Diffusion probabilistic models have recently achieved remarkable success in generating high quality image and video data. In this work, we build on this class of generative models and introduce a method for lossy compression of high resolution images. The resulting codec, which we call DIffuson-based Residual Augmentation Codec (DIRAC), is the first neural codec to allow smooth traversal of the rate-distortion-perception tradeoff at test time, while obtaining competitive performance with GAN-based methods in perceptual quality. Furthermore, while sampling from diffusion probabilistic models is notoriously expensive, we show that in the compression setting the number of steps can be drastically reduced.

1. INTRODUCTION

As a new set of generative approaches, denoising diffusion probabilistic models (DDPMs) (Sohl-Dickstein et al., 2015) have recently shown incredible performance in the generation of highresolution images with high perceptual quality. For example, they have powered large text-to-image models such as DALL-E 2 (Ramesh et al., 2022) and Imagen (Saharia et al., 2022b) , which are capable of producing realistic high-resolution images based on arbitrary text prompts. Likewise, diffusion models have demonstrated impressive results on image-to-image tasks such as super-resolution (Saharia et al., 2022c; Ho et al., 2022a ), deblurring (Whang et al., 2022) or inpainting (Saharia et al., 2022a) , in many cases outperforming generative adversarial networks (GANs) (Dhariwal & Nichol, 2021) . Our goal in this work is to leverage these capabilities in the context of learned compression. Neural codecs, which learn to compress from example data, are typically trained to minimize distortion between an input and a reconstruction, as well as the bitrate used to transmit the data (Theis et al., 2017) . However, optimizing for distortion may result in blurry reconstructions, and recent work has identified the importance of perceptual quality. In particular, Mentzer et al. ( 2020) demonstrated that a GAN-based image codec is able to output reconstructions that look more realistic to a human observer than a distortion-optimized codec, at the cost of some fidelity to the original. This tradeoff between perceptual quality and fidelity is a fundamental one (Blau & Michaeli, 2019) , and finding a good operating point is not trivial and likely application-dependent.

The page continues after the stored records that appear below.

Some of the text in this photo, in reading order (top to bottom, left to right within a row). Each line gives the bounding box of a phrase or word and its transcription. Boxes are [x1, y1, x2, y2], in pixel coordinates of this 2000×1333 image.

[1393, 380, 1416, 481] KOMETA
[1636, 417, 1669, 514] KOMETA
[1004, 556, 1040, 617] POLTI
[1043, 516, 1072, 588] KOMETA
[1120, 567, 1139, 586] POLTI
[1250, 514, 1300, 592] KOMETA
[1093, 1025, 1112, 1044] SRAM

Our approach, called DIffusion Residual Augmentation Codec (DIRAC), uses a base codec to produce an initial reconstruction with minimal distortion, then enhances its perceptual quality using a denoising diffusion probabilistic model. By varying the number of sampling steps, the DDPM can smoothly interpolate between a high fidelity output and one with high perceptual quality. Combined with a multi-rate base codec, this enables a user to navigate the axes of rate-distortion and distortionperception independently using separate control parameters. Moreover, by making a high fidelity initial prediction first, DDPM sampling can be stopped at any point, allowing the codec to operate more efficiently. We show that we can alter the sampling schedule at test time, and that we obtain strong performance with 20 sampling steps or less.



Ideally, one selects this operating point at test time. Although adaptive rate control is commonly used, only the work of Iwai et al. (2021) allows to balance distortion and perceptual quality dynamically. To the best of our knowledge, our work proposes the first neural codec that can navigate the full rate-distortion-perception tradeoff at test time. An earlier diffusion-based codec has been proposed by Theis et al. (2022), but their encoding scheme is prohibitively expensive. Concurrent work by Yang & Mandt (2022) demonstrated a more practical diffusion-based codec, but we show that different design choices allow us to outperform their model by a large margin.